**How to complete this task**
Where a record contains a picture, omit the picture and repeat the rest exactly.

....

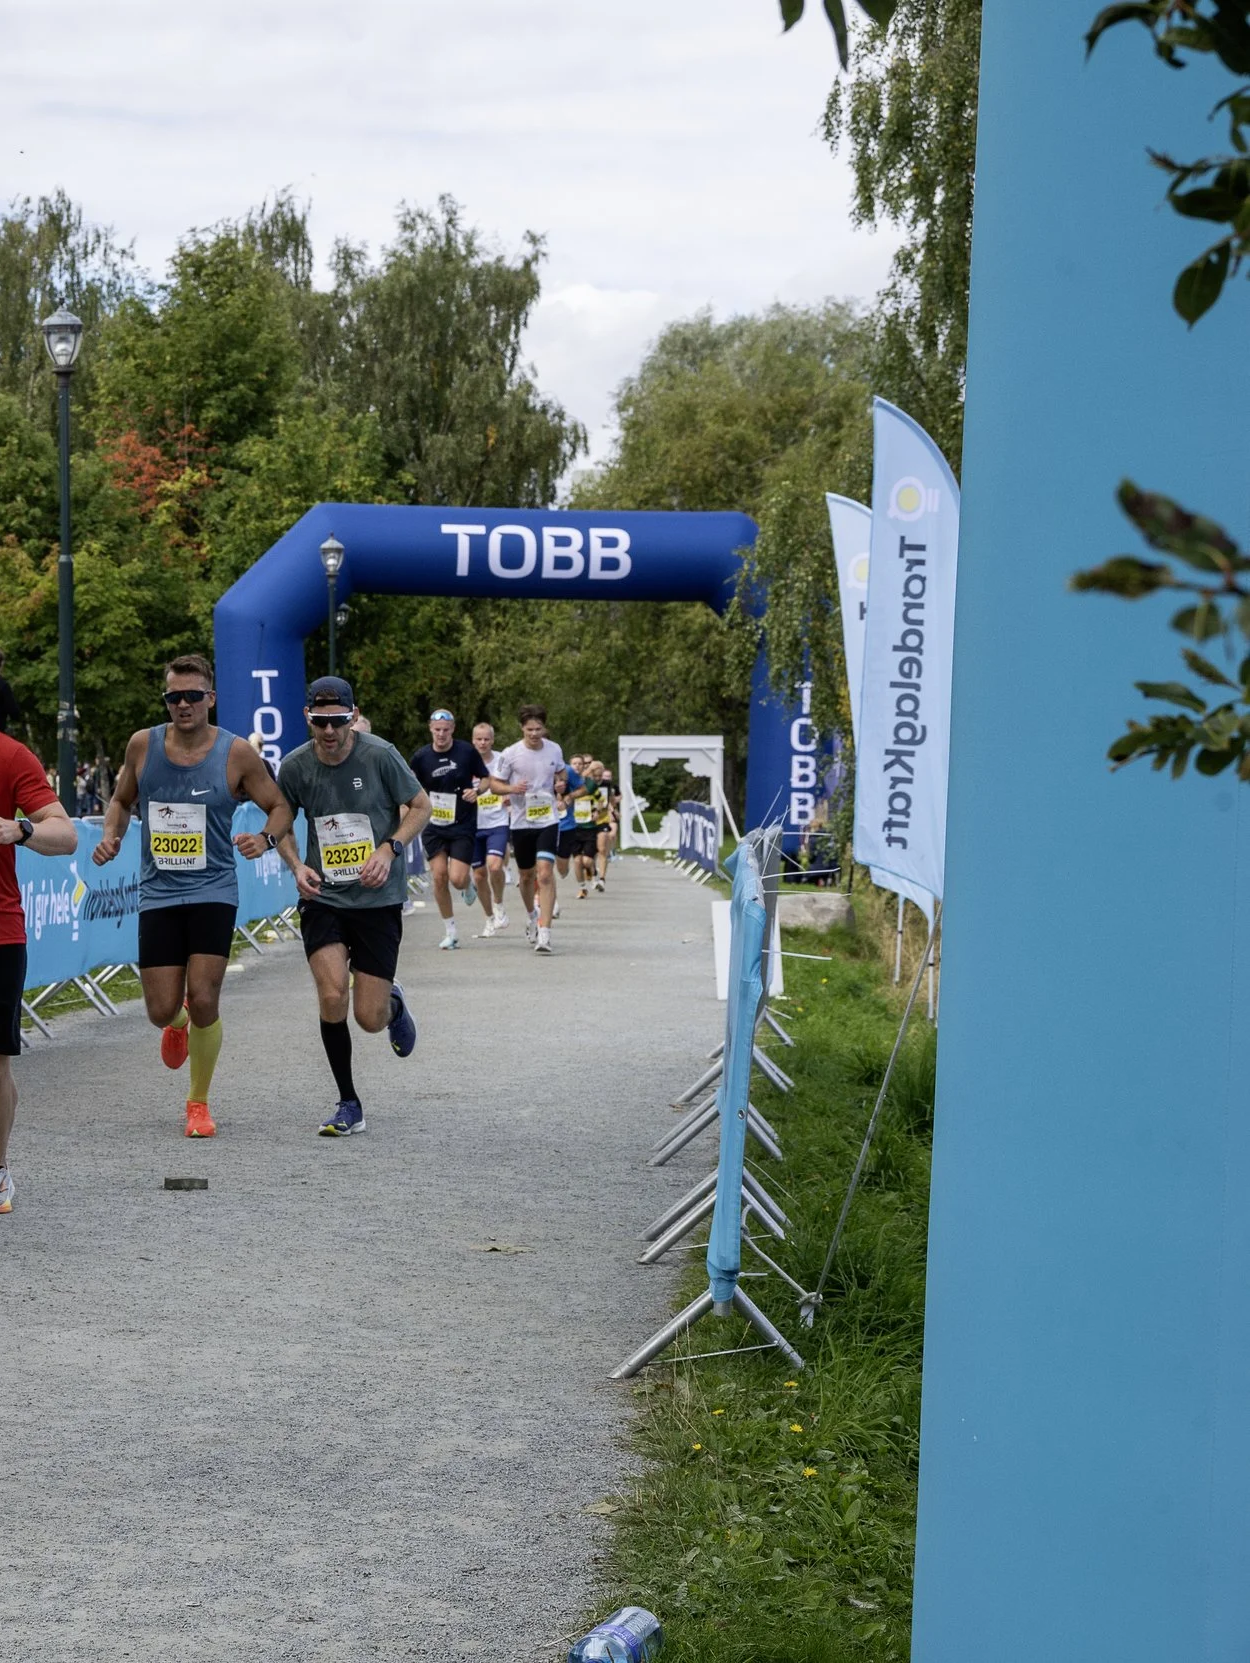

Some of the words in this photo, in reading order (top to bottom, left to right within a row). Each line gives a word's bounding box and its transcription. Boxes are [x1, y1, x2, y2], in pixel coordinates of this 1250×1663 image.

[441, 524, 632, 580] TOBB
[252, 669, 283, 780] TOB
[153, 837, 197, 853] 23022
[158, 857, 197, 866] BRILLIANT
[325, 846, 366, 865] 23237
[333, 867, 361, 877] BRILLIA
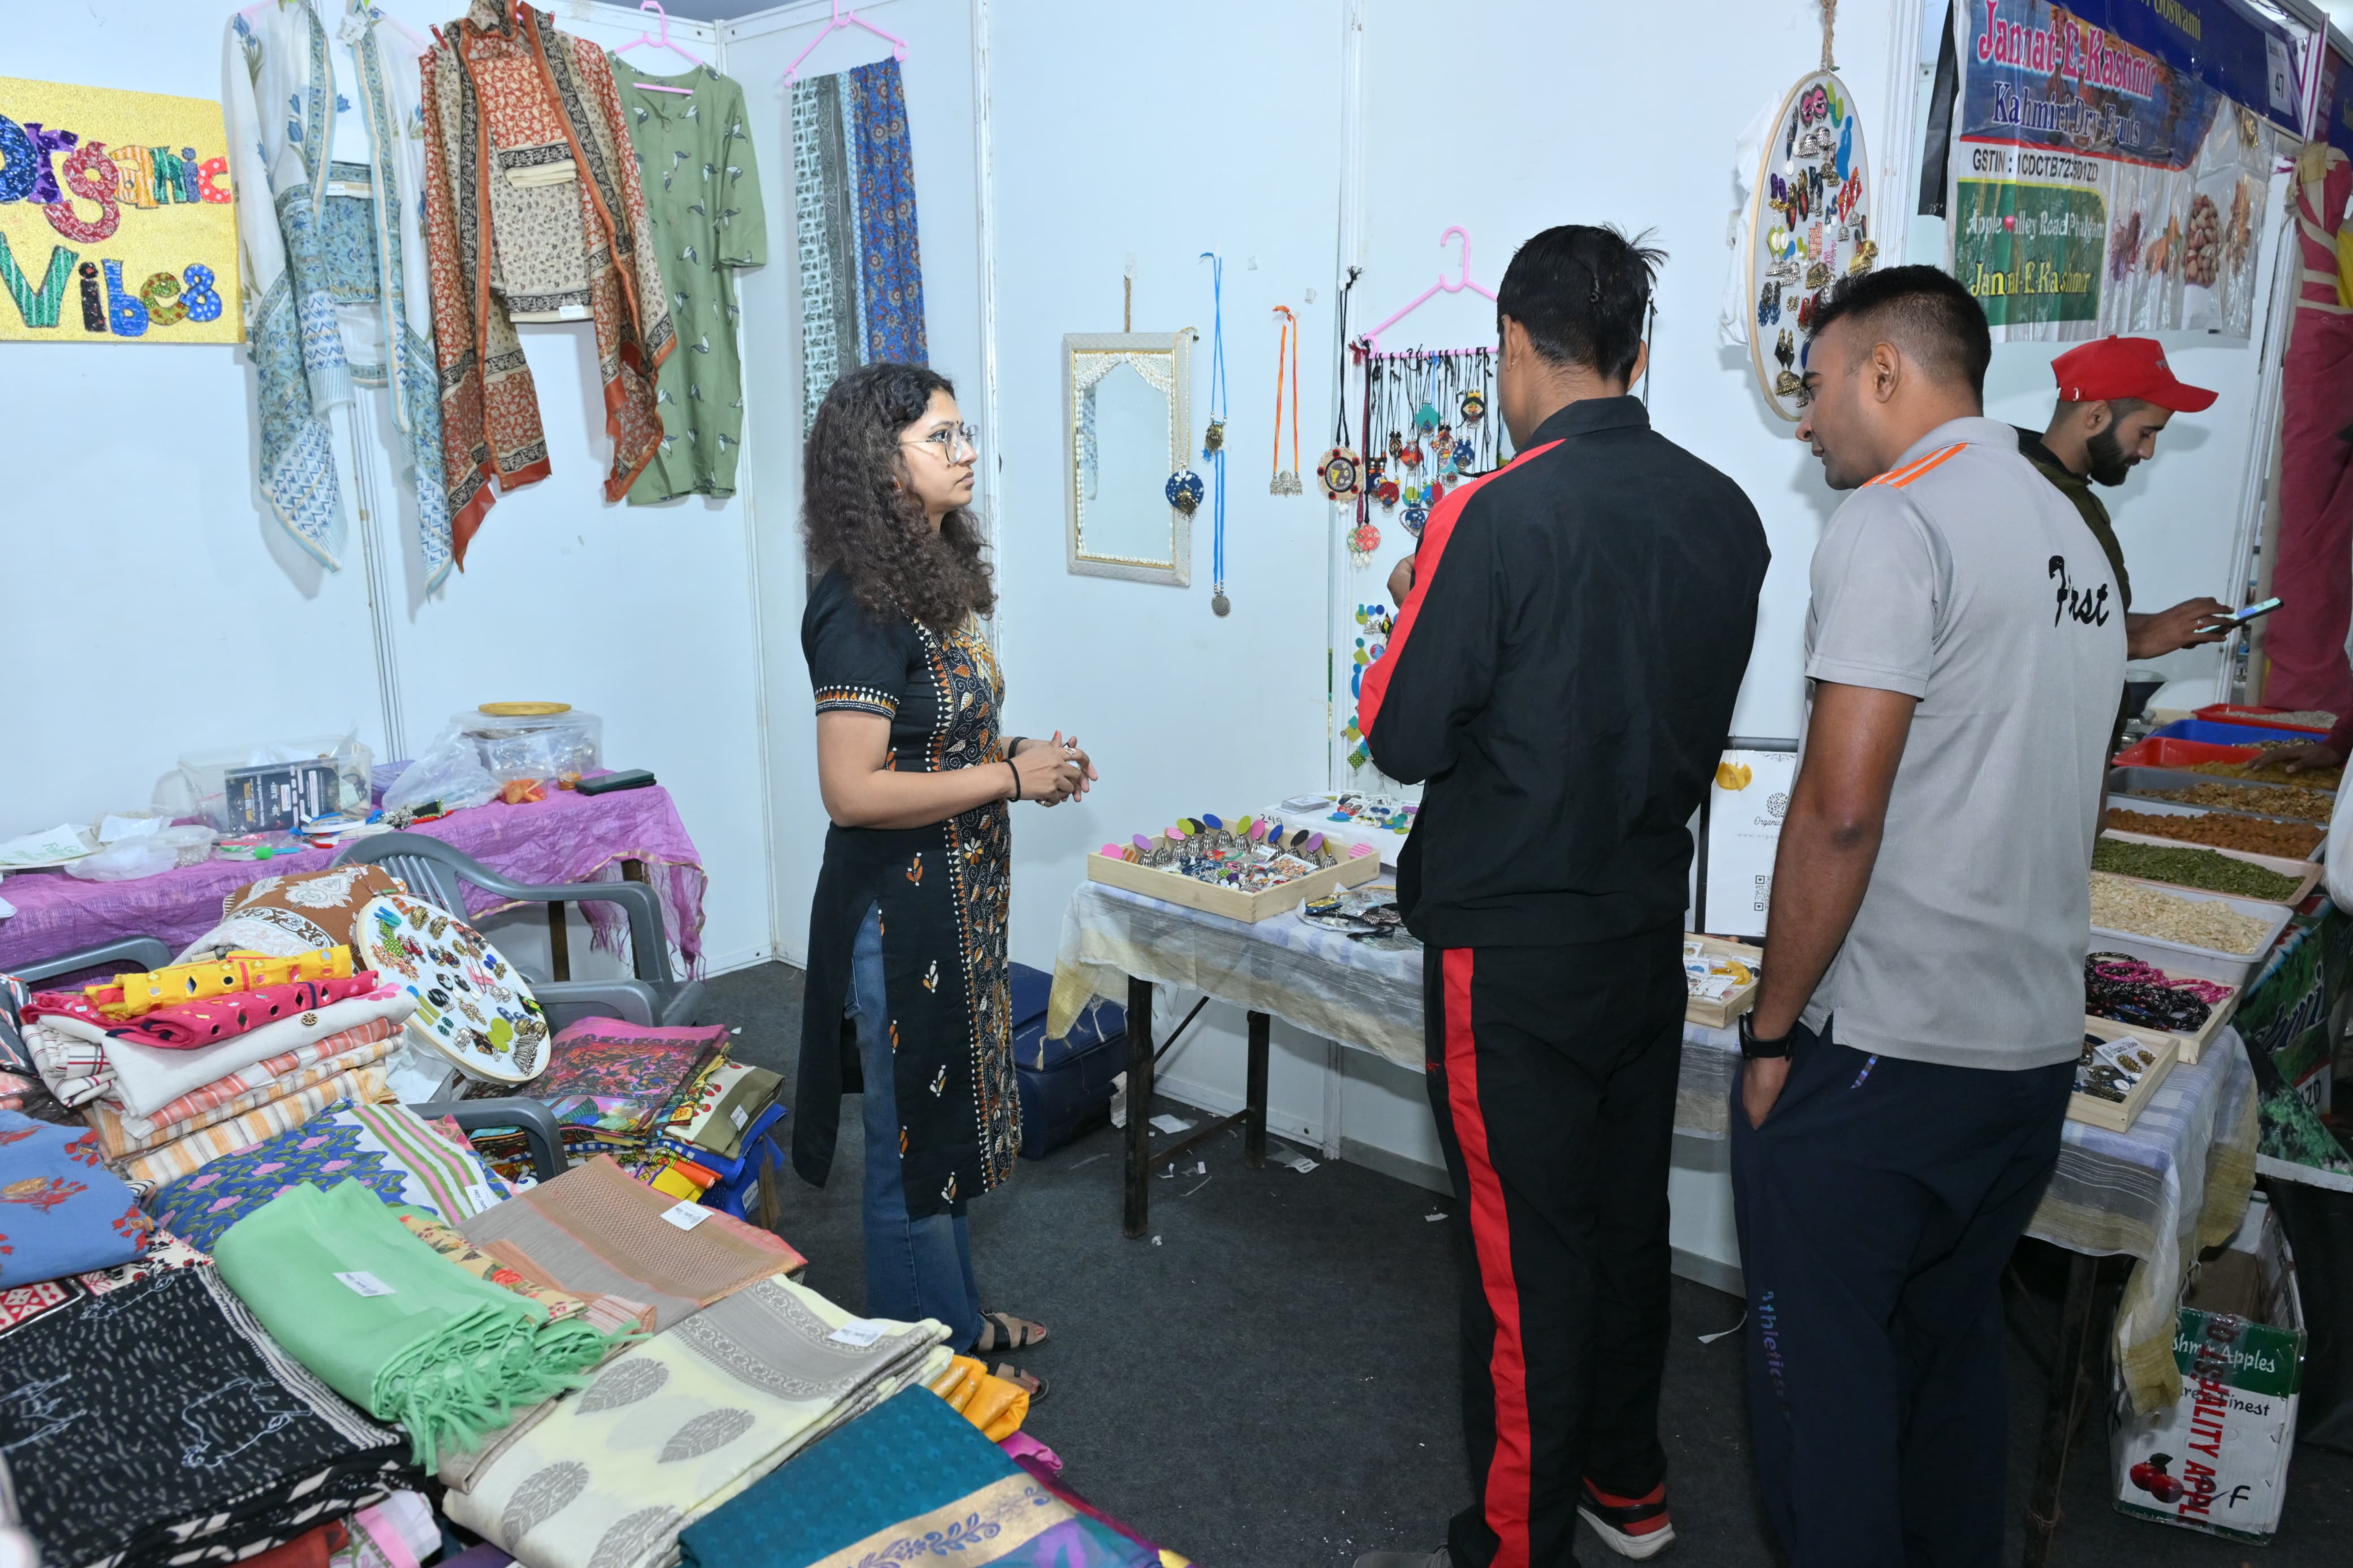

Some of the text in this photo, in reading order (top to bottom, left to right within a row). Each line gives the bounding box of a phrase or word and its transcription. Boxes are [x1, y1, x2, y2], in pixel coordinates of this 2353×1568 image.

[1978, 0, 2158, 100] Jannat-E-Kashmir
[2275, 72, 2284, 99] 47
[2072, 96, 2100, 148] Dry
[2101, 103, 2140, 147] Fruits
[1973, 148, 2006, 173] GSTIN
[1966, 209, 2002, 240] Apple
[2010, 210, 2037, 240] alley
[2039, 210, 2068, 236] Road
[2048, 555, 2110, 628] First
[1753, 816, 1782, 828] Organic
[2221, 1345, 2276, 1373] Apples

....

**Written reply**
Some of the words in this photo, in reading order (top to bottom, left to right within a row). Each line gives a word's bounding box and its transcription. Boxes are [x1, y1, x2, y2], in pixel coordinates of this 1250×1663 image.

[441, 524, 632, 580] TOBB
[252, 669, 283, 780] TOB
[153, 837, 197, 853] 23022
[158, 857, 197, 866] BRILLIANT
[325, 846, 366, 865] 23237
[333, 867, 361, 877] BRILLIA

Some of the text in this photo, in reading order (top to bottom, left to right within a row). Each line gives the bounding box of a phrase or word and its transcription. Boxes are [x1, y1, x2, y2], in pixel coordinates of this 2353×1568 image.

[1978, 0, 2158, 100] Jannat-E-Kashmir
[2275, 72, 2284, 99] 47
[2072, 96, 2100, 148] Dry
[2101, 103, 2140, 147] Fruits
[1973, 148, 2006, 173] GSTIN
[1966, 209, 2002, 240] Apple
[2010, 210, 2037, 240] alley
[2039, 210, 2068, 236] Road
[2048, 555, 2110, 628] First
[1753, 816, 1782, 828] Organic
[2221, 1345, 2276, 1373] Apples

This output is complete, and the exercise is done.